WHAT YOU ARE ASKED TO DO ▸ Please copy the data exactly as it stands, minus the images.

RAW DATA ▸
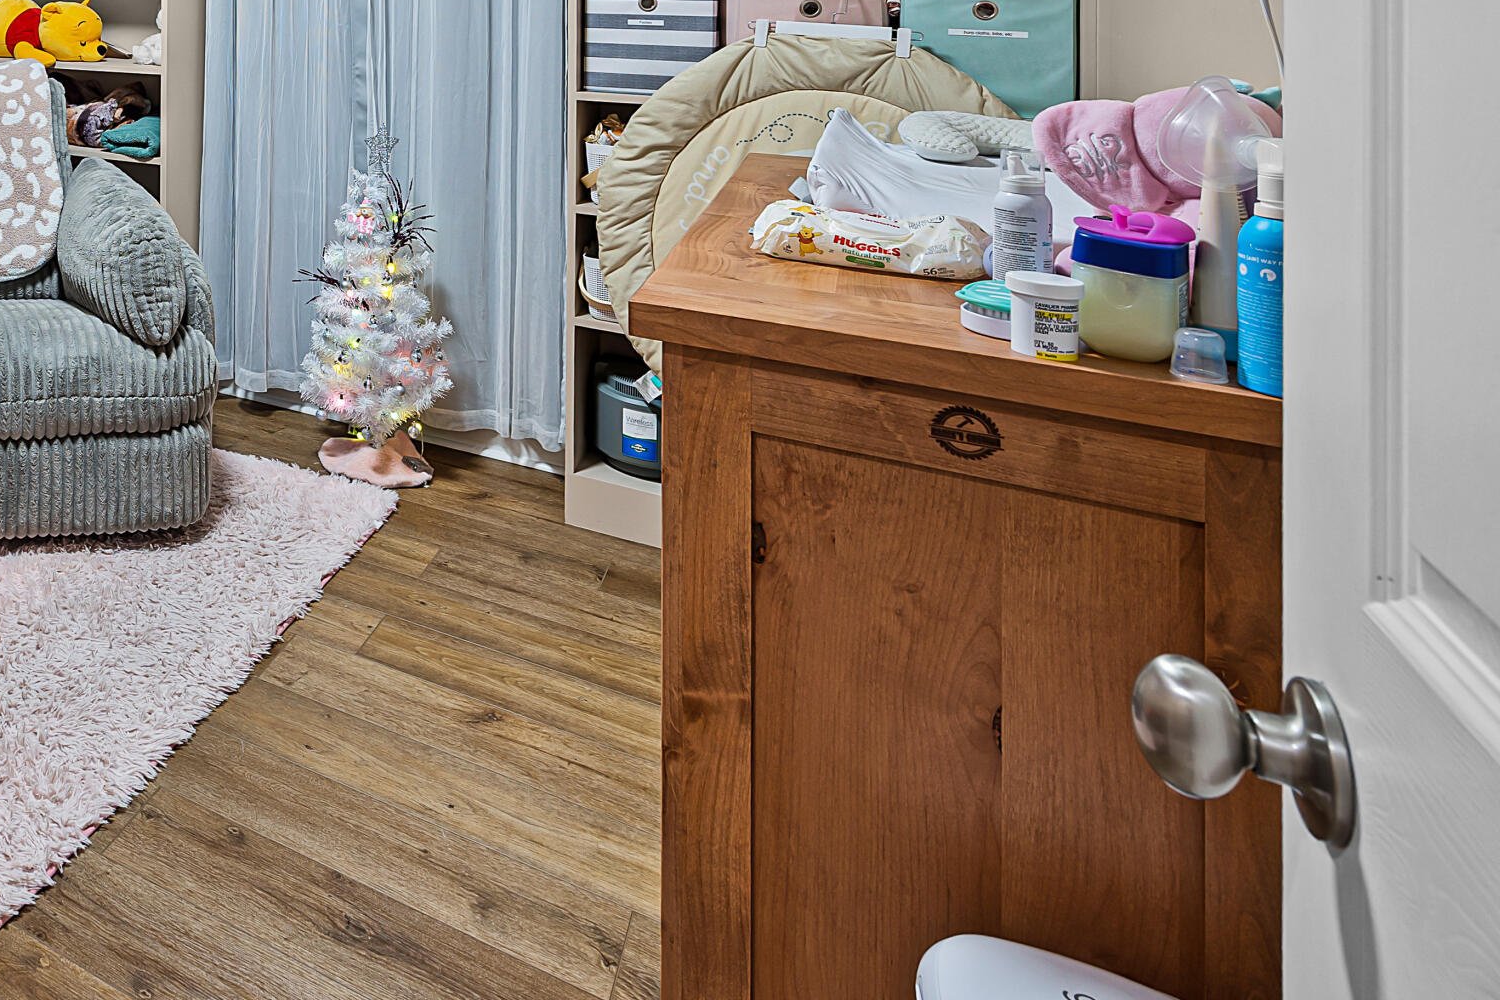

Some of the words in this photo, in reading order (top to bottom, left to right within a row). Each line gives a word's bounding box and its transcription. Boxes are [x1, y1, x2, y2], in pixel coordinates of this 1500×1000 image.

[833, 234, 901, 257] HUGGIES
[841, 247, 872, 260] natural
[872, 254, 891, 264] care
[923, 267, 937, 275] 56
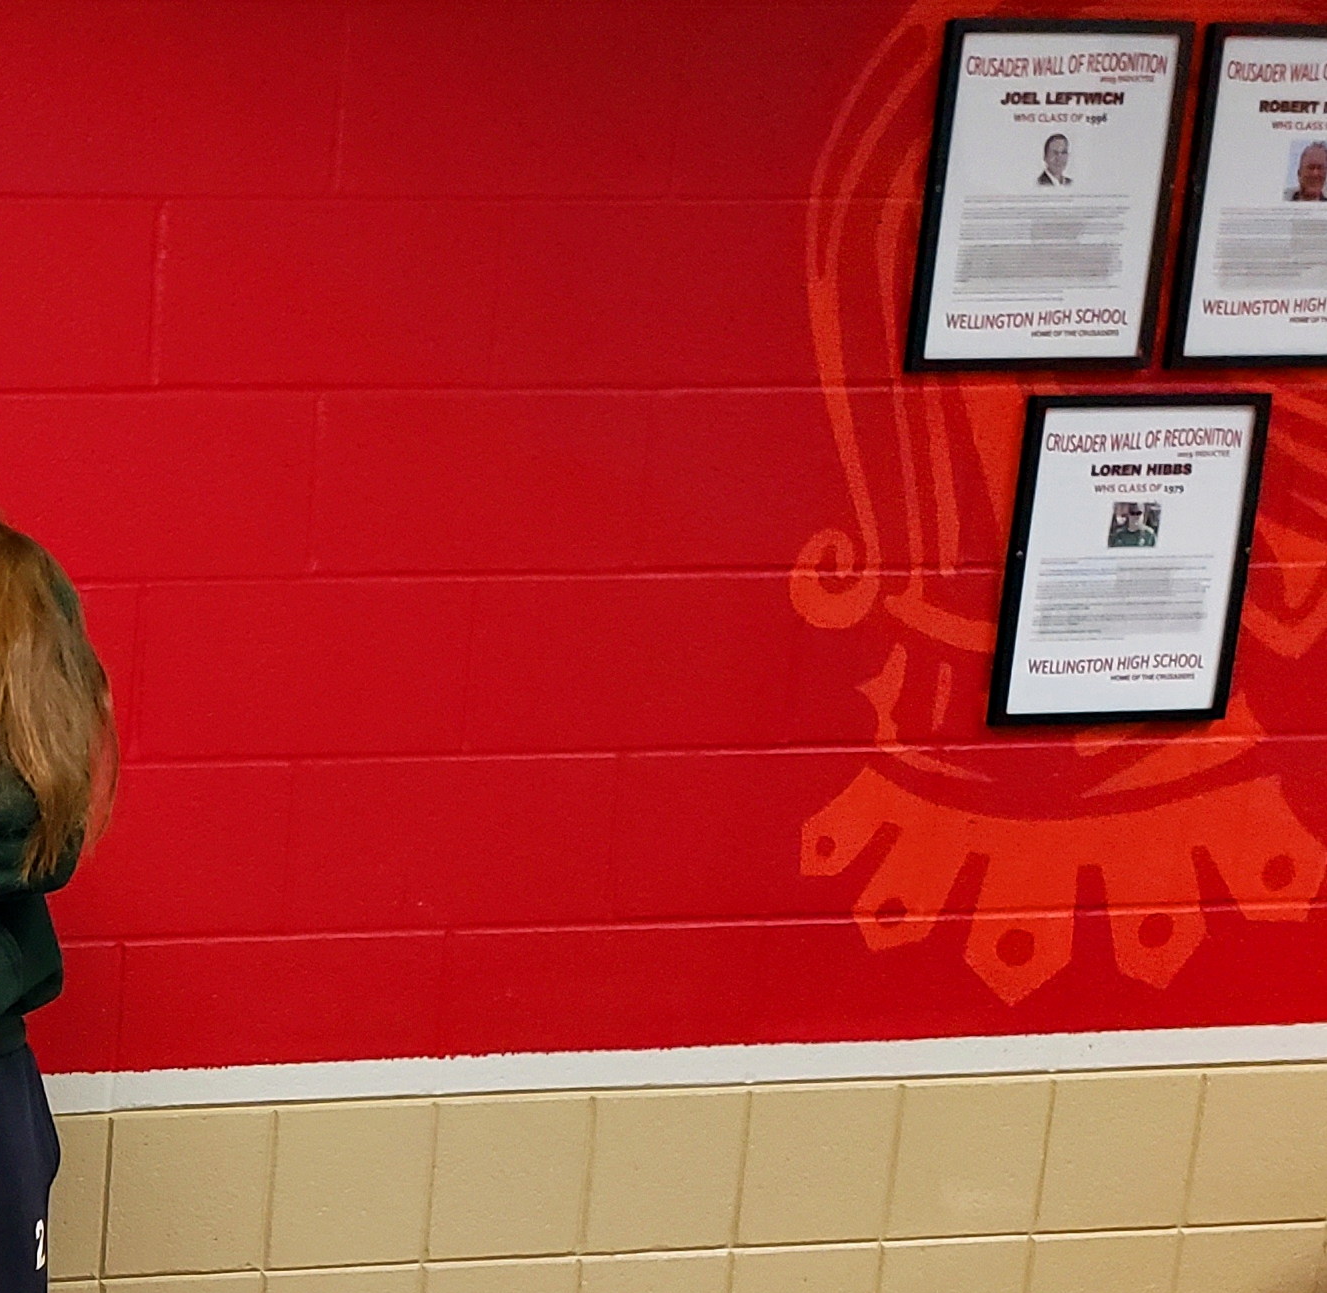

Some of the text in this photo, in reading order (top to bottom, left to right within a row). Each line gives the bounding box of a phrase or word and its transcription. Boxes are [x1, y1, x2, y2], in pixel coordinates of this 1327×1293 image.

[966, 52, 1169, 77] CRUSADER WALL OF RECOGNITION
[1227, 60, 1287, 82] CRUSADER
[1290, 62, 1319, 83] WALL
[1001, 91, 1124, 105] JOEL LEFTWICH
[1259, 99, 1320, 113] ROBERT
[1038, 113, 1068, 123] CLASS
[1071, 113, 1084, 122] OF
[1295, 121, 1324, 131] CLASS
[1202, 298, 1290, 316] WELLINGTON
[946, 308, 1128, 330] WELLINGTON HIGH SCHOOL
[1046, 427, 1243, 453] CRUSADER WALL OF RECOGNITION
[1090, 463, 1192, 477] LOREN HIBBS
[1117, 484, 1146, 493] CLASS
[1149, 483, 1162, 492] OF
[1028, 653, 1204, 675] WELLINGTON HIGH SCHOOL
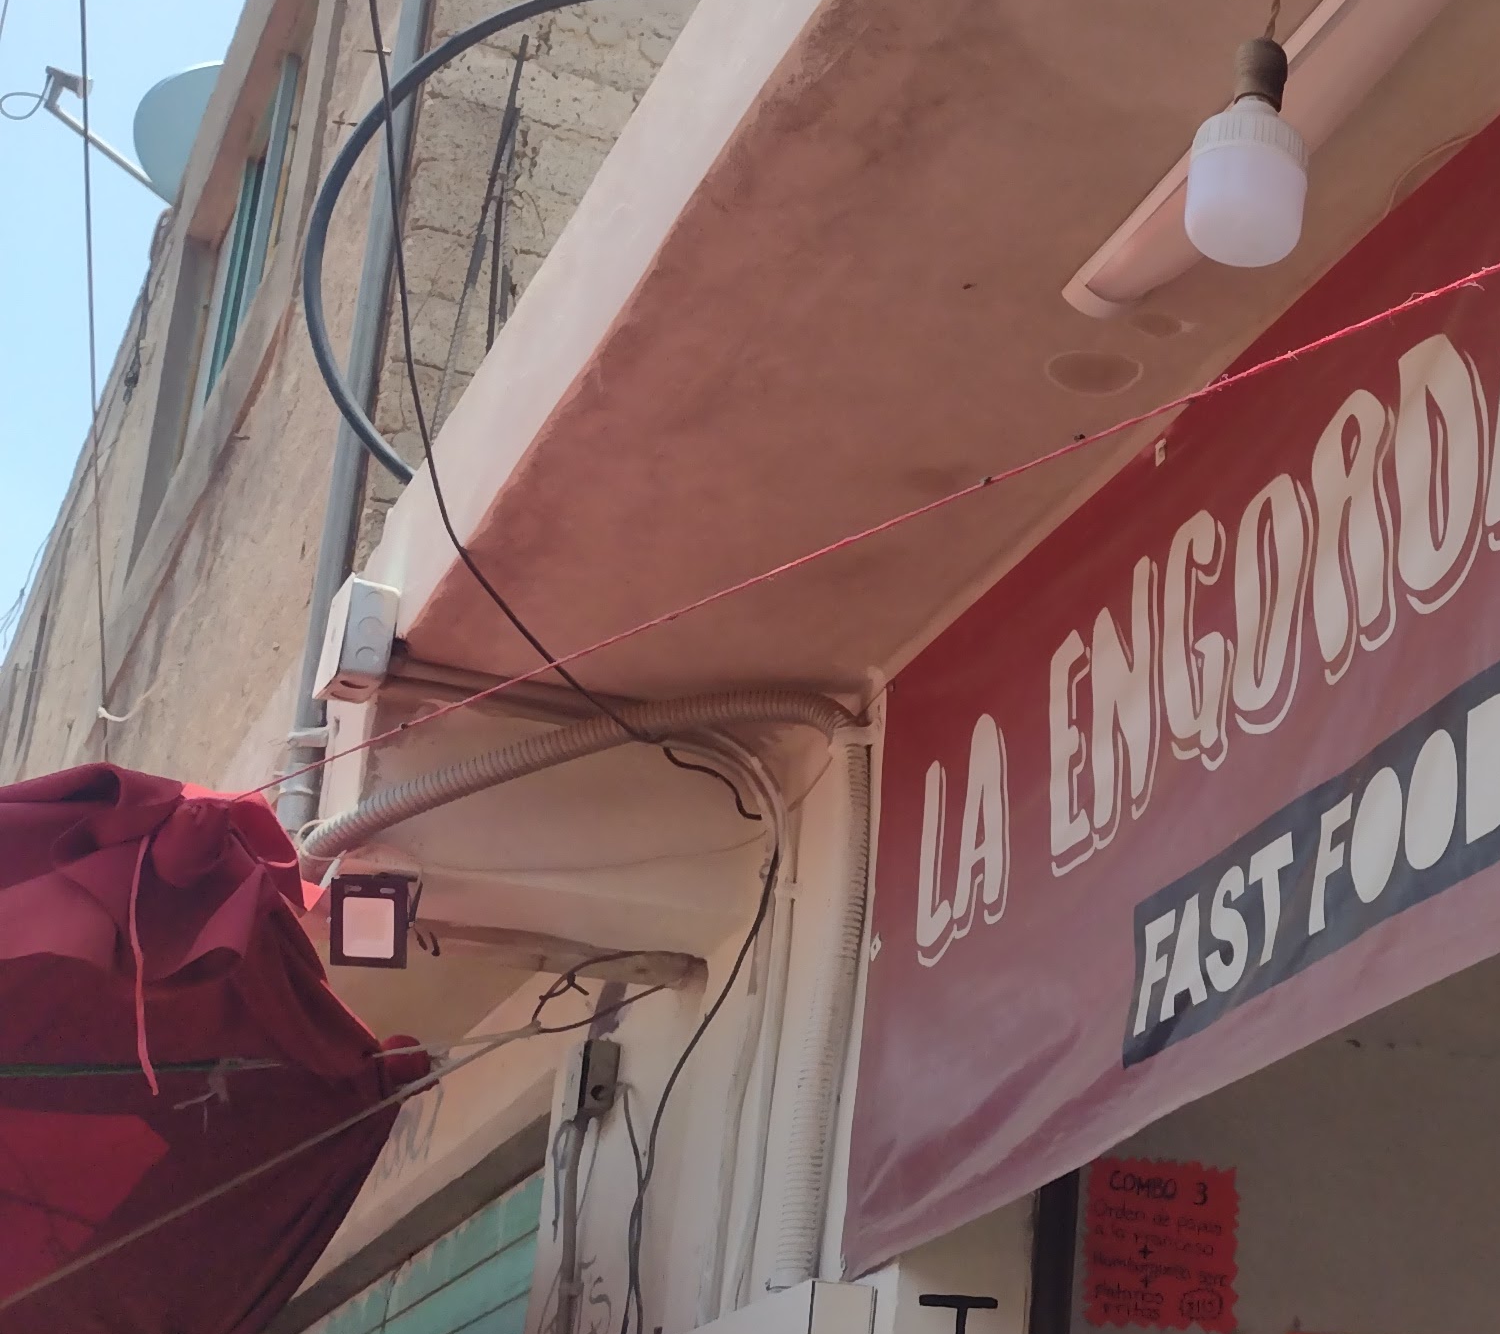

EXERCISE ANSWER ▸
Some of the words in this photo, in reading order (top to bottom, left to right within a row). Each line gives a word's bounding box and its transcription. Boxes are [x1, y1, x2, y2], in pixel coordinates of this 1500×1000 image.

[833, 234, 901, 257] HUGGIES
[841, 247, 872, 260] natural
[872, 254, 891, 264] care
[923, 267, 937, 275] 56

Some of the text in this photo, in reading order (top to bottom, left to right within a row). Each line gives the bounding box of a phrase or word and its transcription. Boxes are [x1, y1, x2, y2], in pixel coordinates of this 1327×1293 image.

[966, 52, 1169, 77] CRUSADER WALL OF RECOGNITION
[1227, 60, 1287, 82] CRUSADER
[1290, 62, 1319, 83] WALL
[1001, 91, 1124, 105] JOEL LEFTWICH
[1259, 99, 1320, 113] ROBERT
[1038, 113, 1068, 123] CLASS
[1071, 113, 1084, 122] OF
[1295, 121, 1324, 131] CLASS
[1202, 298, 1290, 316] WELLINGTON
[946, 308, 1128, 330] WELLINGTON HIGH SCHOOL
[1046, 427, 1243, 453] CRUSADER WALL OF RECOGNITION
[1090, 463, 1192, 477] LOREN HIBBS
[1117, 484, 1146, 493] CLASS
[1149, 483, 1162, 492] OF
[1028, 653, 1204, 675] WELLINGTON HIGH SCHOOL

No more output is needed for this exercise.